Omit every picture, then return the listing verbatim.

* **Data to use**
*** Begin section ***

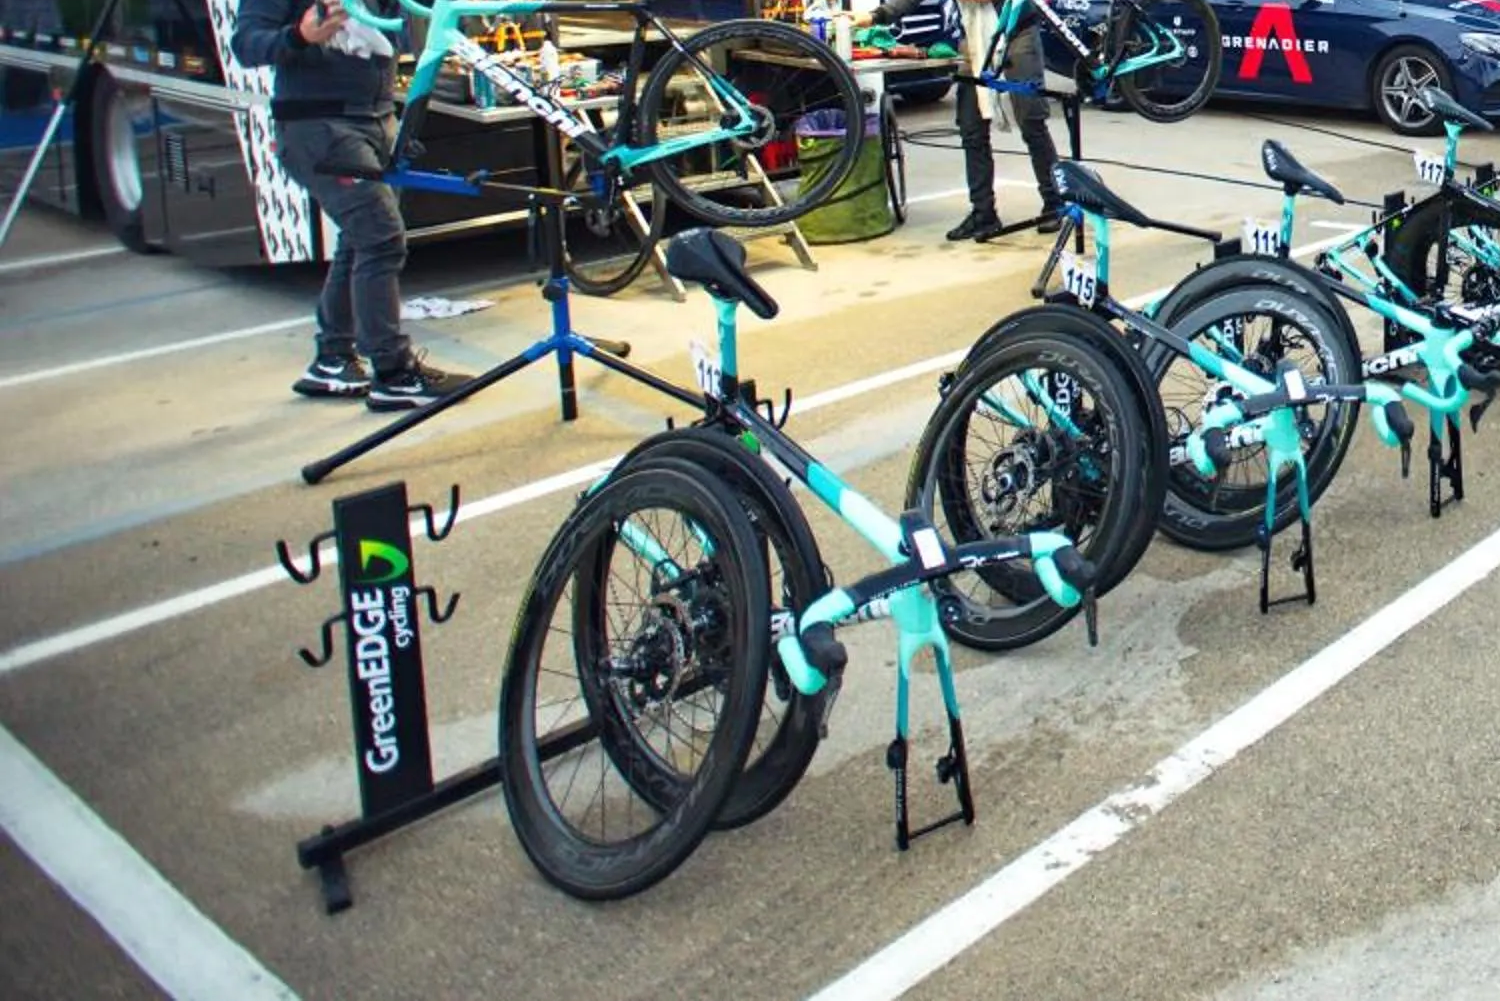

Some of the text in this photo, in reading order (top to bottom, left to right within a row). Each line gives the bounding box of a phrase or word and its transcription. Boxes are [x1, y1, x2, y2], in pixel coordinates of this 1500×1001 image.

[1221, 35, 1330, 54] GRENADIER
[1420, 159, 1443, 183] 117
[1252, 227, 1279, 254] 111
[1067, 267, 1095, 300] 115
[388, 585, 414, 648] cycling
[351, 587, 400, 773] GreenEDGE
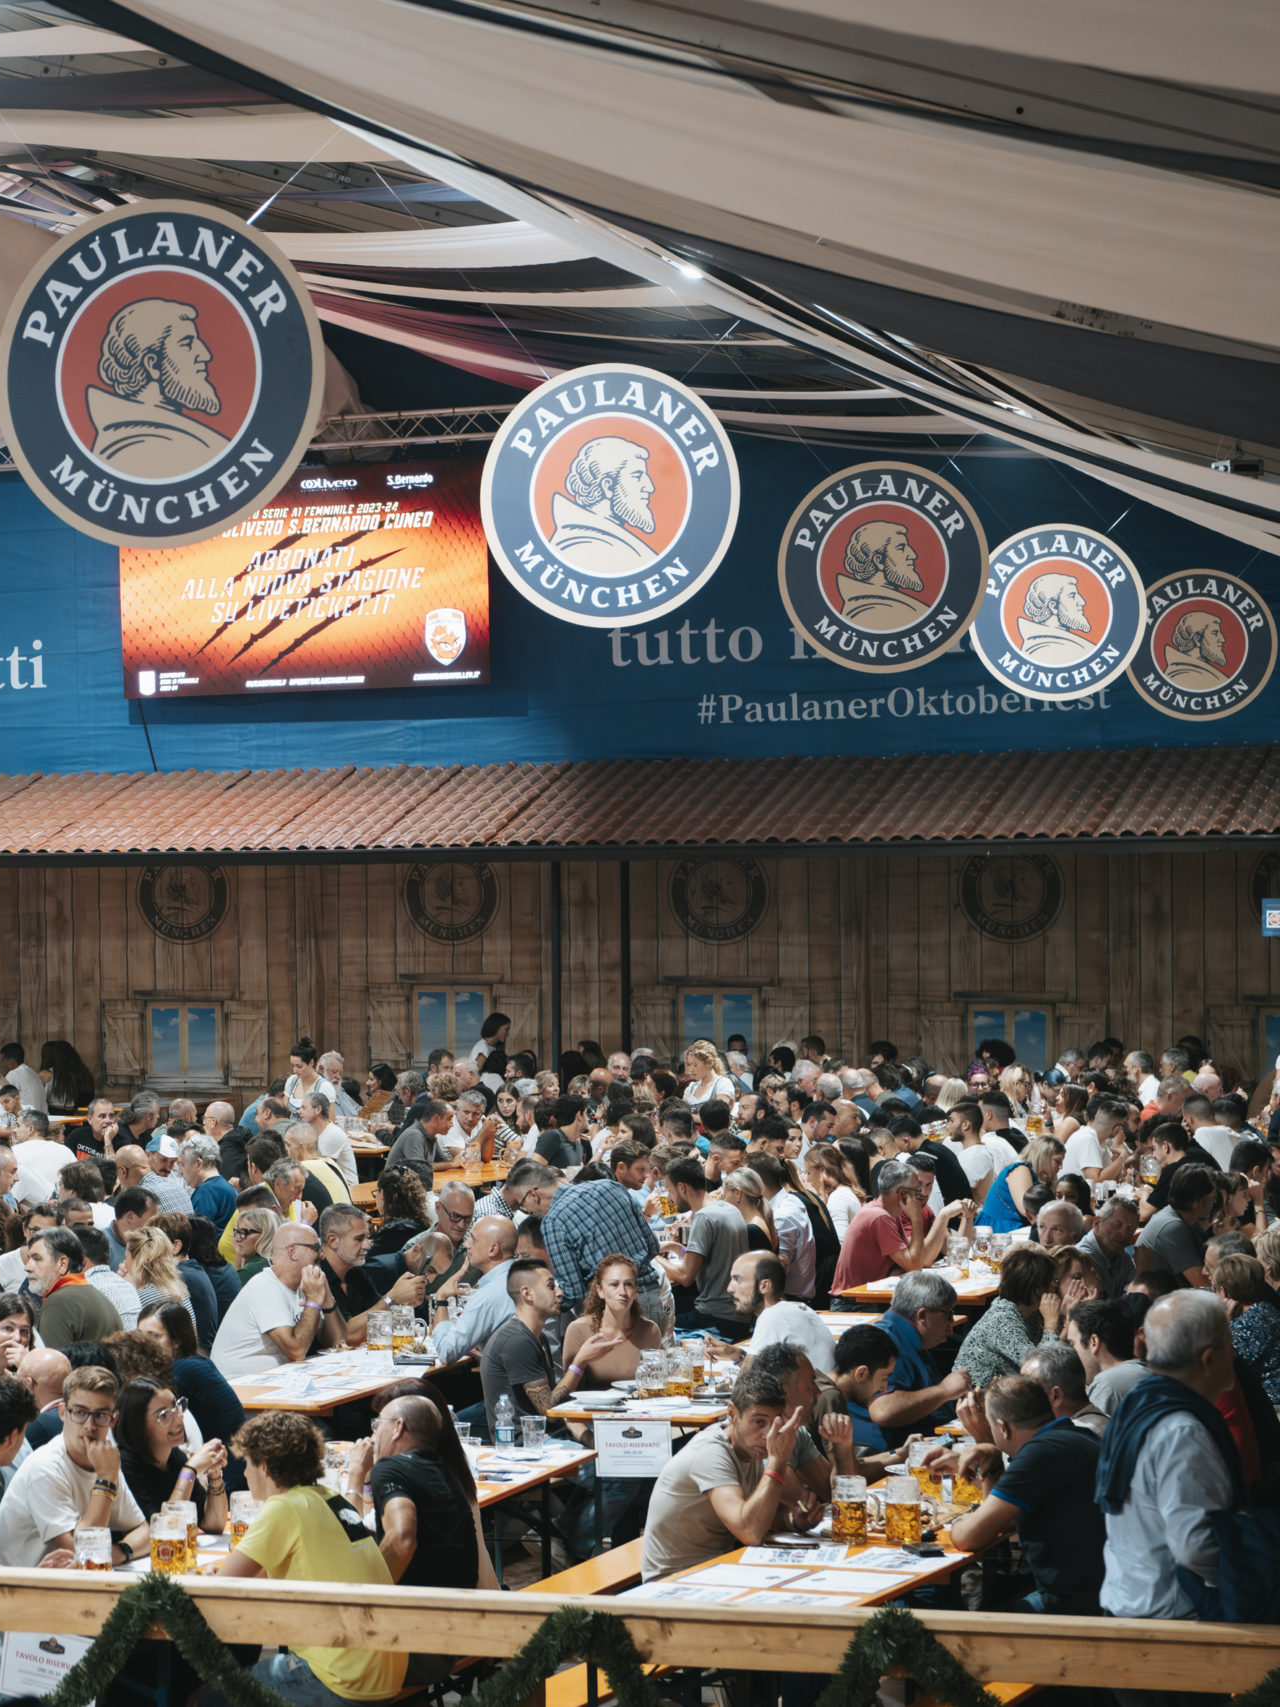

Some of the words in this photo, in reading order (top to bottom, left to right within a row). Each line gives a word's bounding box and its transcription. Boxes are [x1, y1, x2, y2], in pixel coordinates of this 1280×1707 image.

[22, 222, 287, 347] PAULANER
[510, 380, 720, 476] PAULANER
[49, 437, 274, 525] MÜNCHEN
[262, 507, 289, 519] SERIE
[304, 504, 355, 517] FEMMINILE
[356, 501, 399, 514] 2023-24
[288, 514, 381, 534] S.BERNARDO
[384, 511, 434, 529] CUNEO
[794, 474, 965, 551] PAULANER
[247, 546, 356, 572] ABBONATI
[514, 540, 690, 608] MÜNCHEN
[985, 534, 1127, 598] PAULANER
[181, 578, 234, 600] ALLA
[242, 573, 312, 598] NUOVA
[319, 567, 425, 594] STAGIONE
[210, 601, 239, 623] SU
[246, 594, 397, 621] LIVETICKET.IT
[607, 617, 763, 667] tutto
[813, 605, 959, 658] MÜNCHEN
[998, 644, 1121, 688] MÜNCHEN
[697, 685, 1111, 725] #PaulanerOktobest
[1143, 672, 1249, 710] MÜNCHEN
[16, 1651, 45, 1664] TAVOLO
[46, 1658, 74, 1671] RISERV

*** End section ***

* **Output for this exercise**
Some of the text in this photo, in reading order (top to bottom, left to right within a row). Each line gives the bounding box of a phrase or word and its transcription. Boxes are [x1, y1, x2, y2], in pixel coordinates of this 1500×1001 image.

[1221, 35, 1330, 54] GRENADIER
[1420, 159, 1443, 183] 117
[1252, 227, 1279, 254] 111
[1067, 267, 1095, 300] 115
[388, 585, 414, 648] cycling
[351, 587, 400, 773] GreenEDGE

Some of the words in this photo, in reading order (top to bottom, left to right within a row). Each line gives a word's bounding box and its transcription. Boxes are [x1, y1, x2, y2], in pixel coordinates of this 1280×1707 image.

[22, 222, 287, 347] PAULANER
[510, 380, 720, 476] PAULANER
[49, 437, 274, 525] MÜNCHEN
[262, 507, 289, 519] SERIE
[304, 504, 355, 517] FEMMINILE
[356, 501, 399, 514] 2023-24
[288, 514, 381, 534] S.BERNARDO
[384, 511, 434, 529] CUNEO
[794, 474, 965, 551] PAULANER
[247, 546, 356, 572] ABBONATI
[514, 540, 690, 608] MÜNCHEN
[985, 534, 1127, 598] PAULANER
[181, 578, 234, 600] ALLA
[242, 573, 312, 598] NUOVA
[319, 567, 425, 594] STAGIONE
[210, 601, 239, 623] SU
[246, 594, 397, 621] LIVETICKET.IT
[607, 617, 763, 667] tutto
[813, 605, 959, 658] MÜNCHEN
[998, 644, 1121, 688] MÜNCHEN
[697, 685, 1111, 725] #PaulanerOktobest
[1143, 672, 1249, 710] MÜNCHEN
[16, 1651, 45, 1664] TAVOLO
[46, 1658, 74, 1671] RISERV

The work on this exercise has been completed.